Esta mañana estuve en una terminal camionera de un pueblo de Cantabria. Mientras esperaba el autobús, dos malandros conversaban a mi lado. Se notaba que nunca se habían parado en una escuela, y sin embargo conversaban con la suficiencia de un Ignacio Burgoa vuelto de entre los muertos. ¿Sus temas? Los derechos de un preso, el comportamiento que debían mostrar los policías, las obligaciones de un juez o del defensor de oficio. Era obvio que nada habían aprendido en libros y todo en ellos era experiencia. Si por alguna mala pasada me tocara estar en una celda con ellos, mis lecturas de poesía mexicana se volverían una frivolidad y en cambio el conocimiento de ellos sería oro puro. “Todo en ella encantaba, todo en ella atraía, su mirada, su gesto, su sonrisa, su andar...”, podría decir yo. En cambio ellos me enumerarían los derechos fundamentales de un detenido según la legislación española y de la Unión Europea.

Ya cuando el autobús avanzaba hacia Oviedo, escuché que la transmisión emitía ruidos poco sanos. Ociosamente me puse a pensar que entre los miles de libros que he leído, ninguno me informa cómo reparar un Mercedes Benz OC500RF.

Por la ventanilla miré muchas ovejas pastando. Me dije que no sabía trasquilar ni ordeñar ovejas. No sé si se reproducen en cualquier momento del año o tienen ciclos.
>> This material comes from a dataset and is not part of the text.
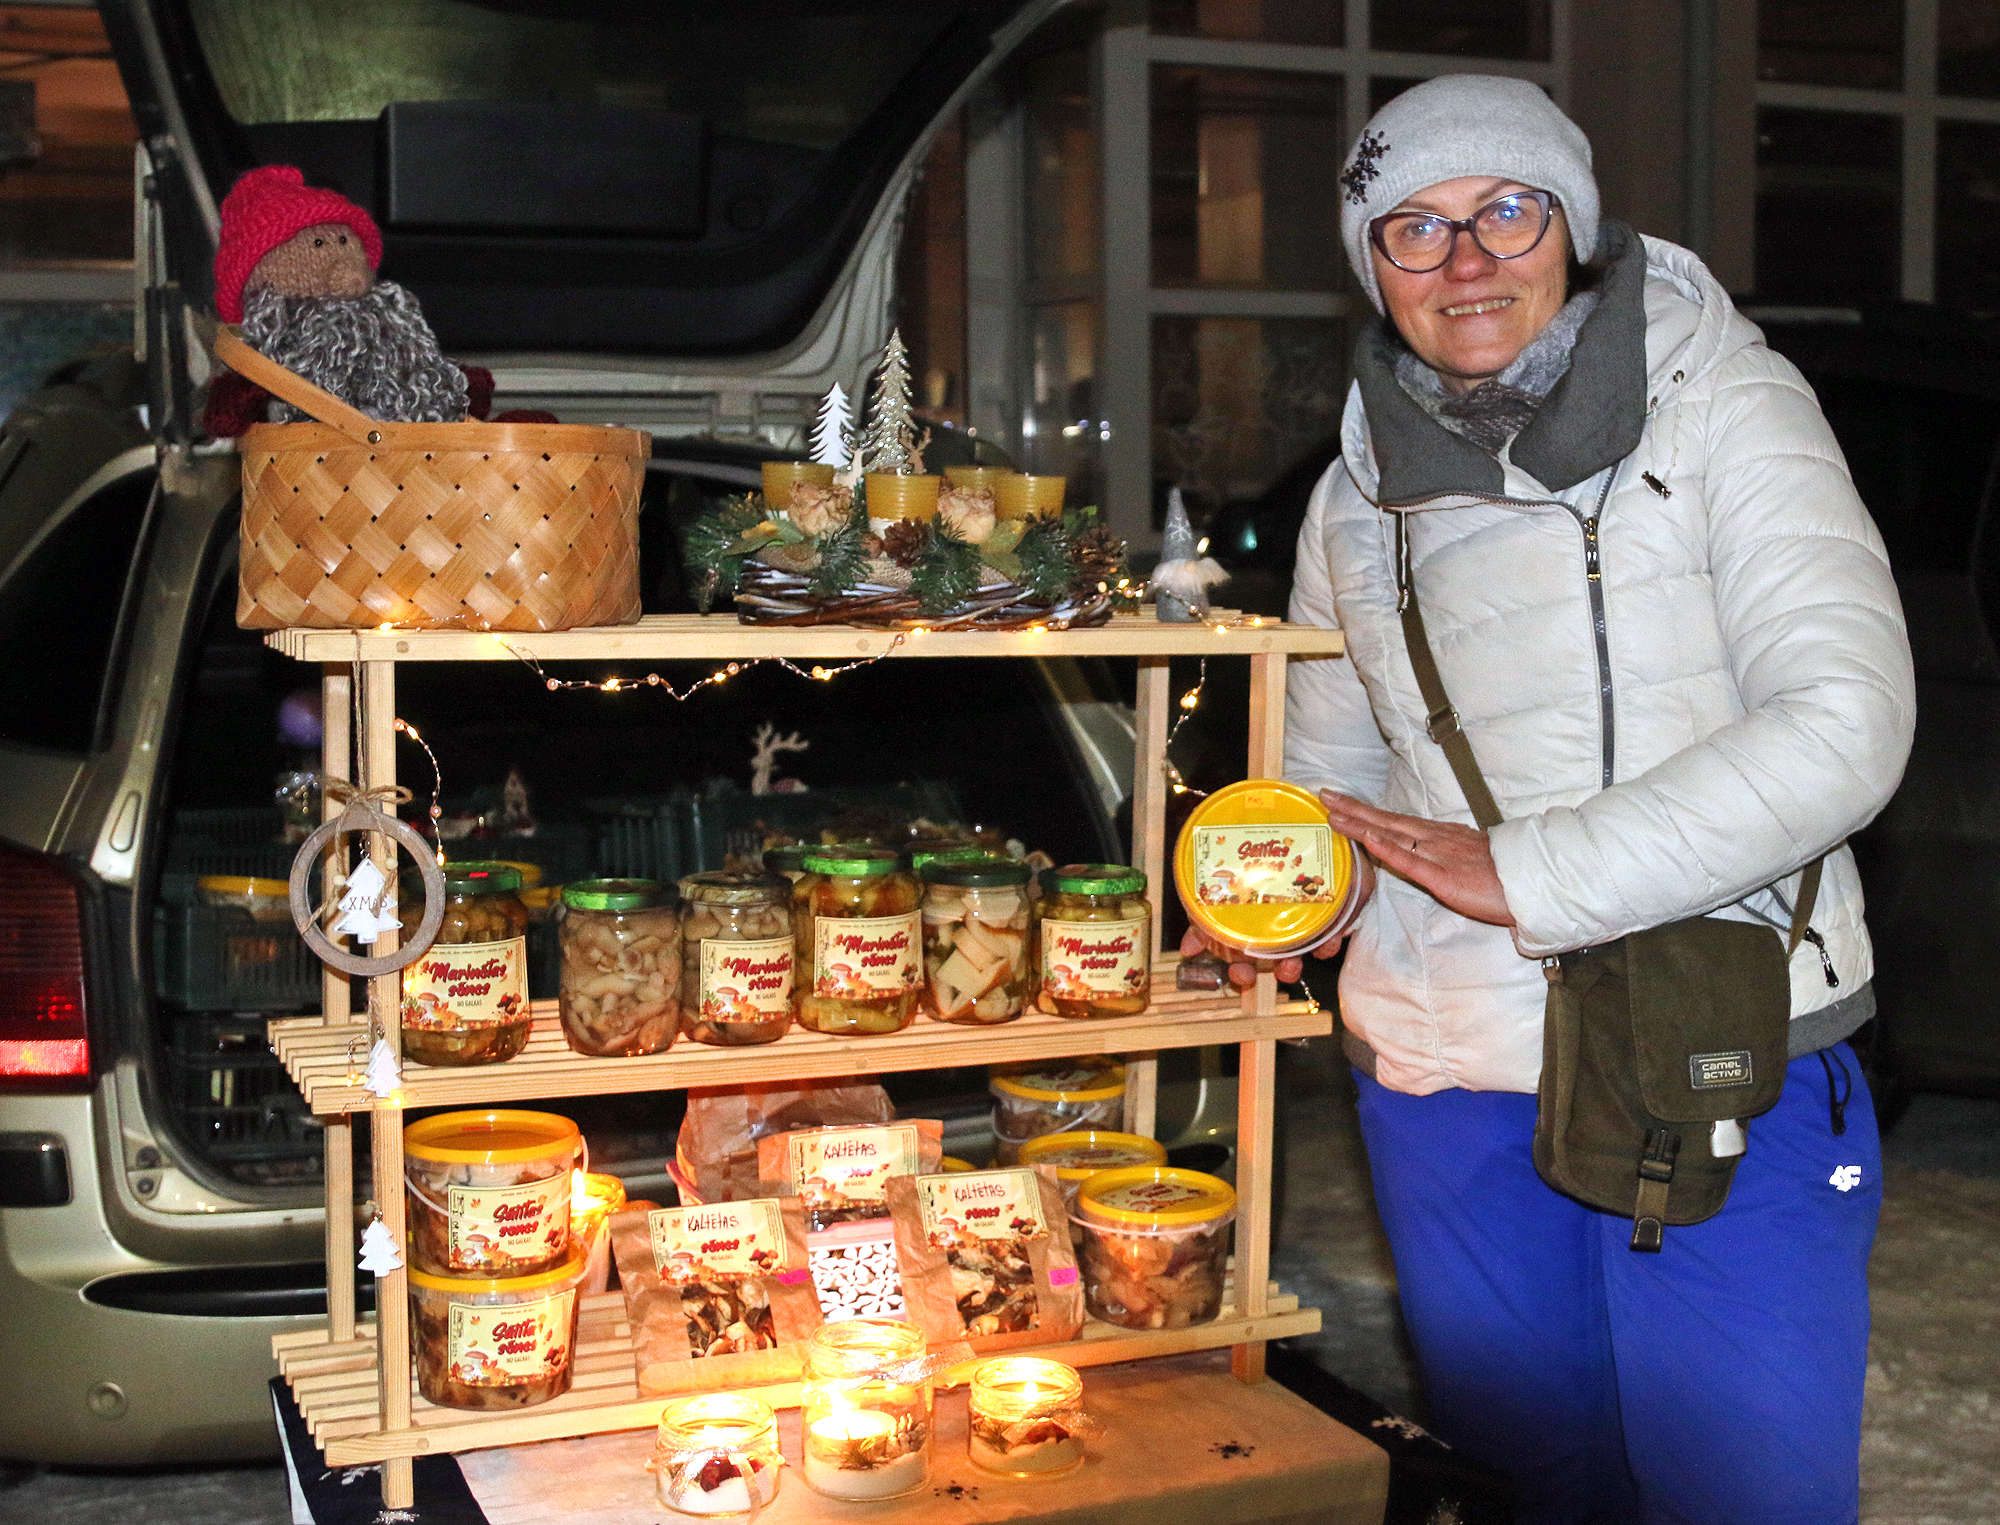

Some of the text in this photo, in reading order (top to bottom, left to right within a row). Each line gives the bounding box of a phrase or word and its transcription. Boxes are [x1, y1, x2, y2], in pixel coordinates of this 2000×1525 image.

[429, 958, 507, 983] Marinētas
[448, 982, 491, 997] sēnes
[1702, 1060, 1741, 1071] camel
[1703, 1069, 1742, 1080] active
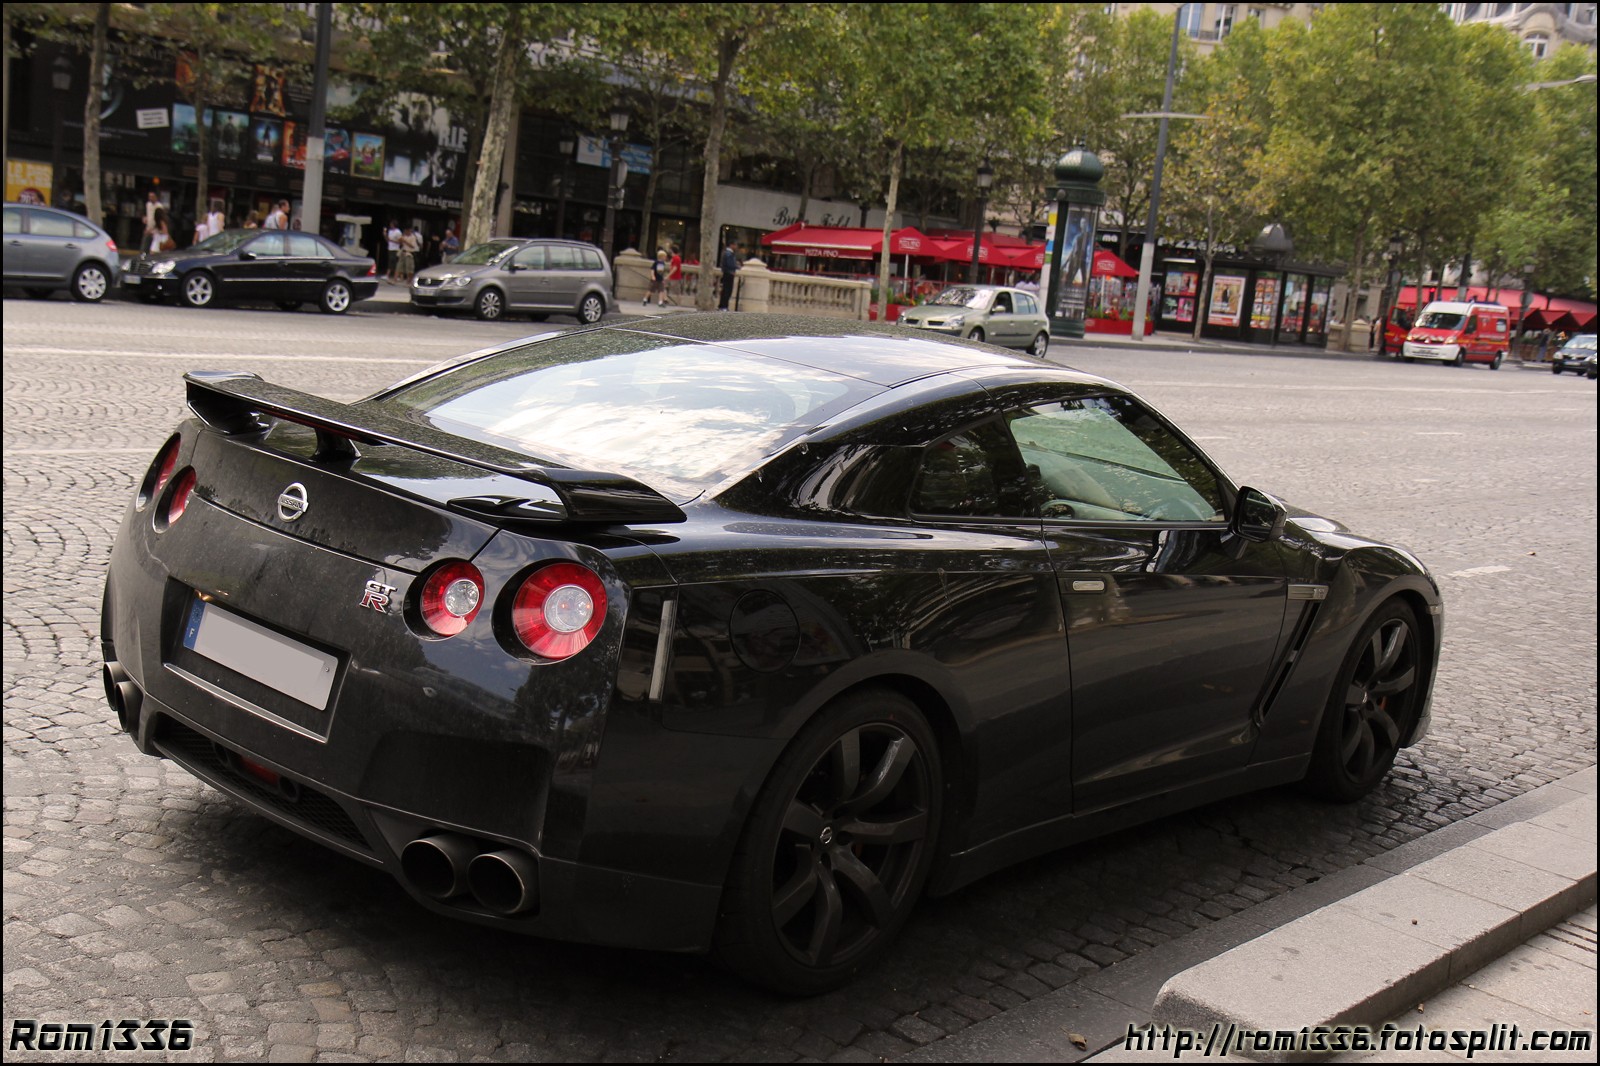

No sé a qué edad se vuelven adultas ni de qué suelen enfermarse. Me confundo con los términos oveja, borrego, carnero y cordero. Apenas sé que cuando aún maman leche se les llama “lechazo”, y que cuando lo preparo al horno me queda delicioso.

Todo conocimiento es situacional. Alguien puede tener buena opinión de mí si el tema de conversación es Don Quijote. Estará seguro de que soy un ignaro si se habla sobre las series de HBO.

Los médicos gozan de privilegios situacionales, pues suelen estar bien informados de aquello que su interlocutor desconoce. Por eso hasta los charlatanes parecen genios.

Especialmente en España la gente habla en los bares como si fuesen autoridades incuestionables del tema que están tratando. A cinco mesas de distancia oigo sus categóricas afirmaciones. Todos orgullosos de saber lo poco que saben.

Supongo que la cantidad de conocimientos disponible es infinita. Eso haría que, matemáticamente, alguien a quien llamemos culto abarca tanto conocimiento como el ignorante. Pero más allá de una proporción matemática, lo cierto es que sí hay pocos sabelomuchos y muchos sabelopocos.

Se ha dicho que Da Vinci, Leibniz o Bacon llegaron a dominar todo el conocimiento de su época, cosa facilitada porque entonces nada podía saberse sobre física cuántica o telecomunicaciones o futbol, y la medicina era un embrión. Pero aun al hablar de estos polímatas resulta exagerado suponer que dominaron siquiera el uno por ciento de cuanto se podía saber.

Entonces la gran pregunta es: de esa infinidad de conocimientos disponibles, ¿qué debe formar parte del currículo en las escuelas? No lo sé. Pero hay que replantearse la pregunta desde cero y no desde la tradición. Lo que sí consta es que cualquier tipo de conocimiento se acumula y disemina en forma de palabras. Entonces la escuela debe enseñar letras, letras y más letras. Cualquier sistema que luego de doce años de estudio le entregue certificados a iletrados es absurdo e inútil; digno de la SEP, de políticos incompetentes, de maestros que no quieren ser evaluados. Digno de un país que cada vez tiene más especialistas en derecho penal, por experiencia, no por libros.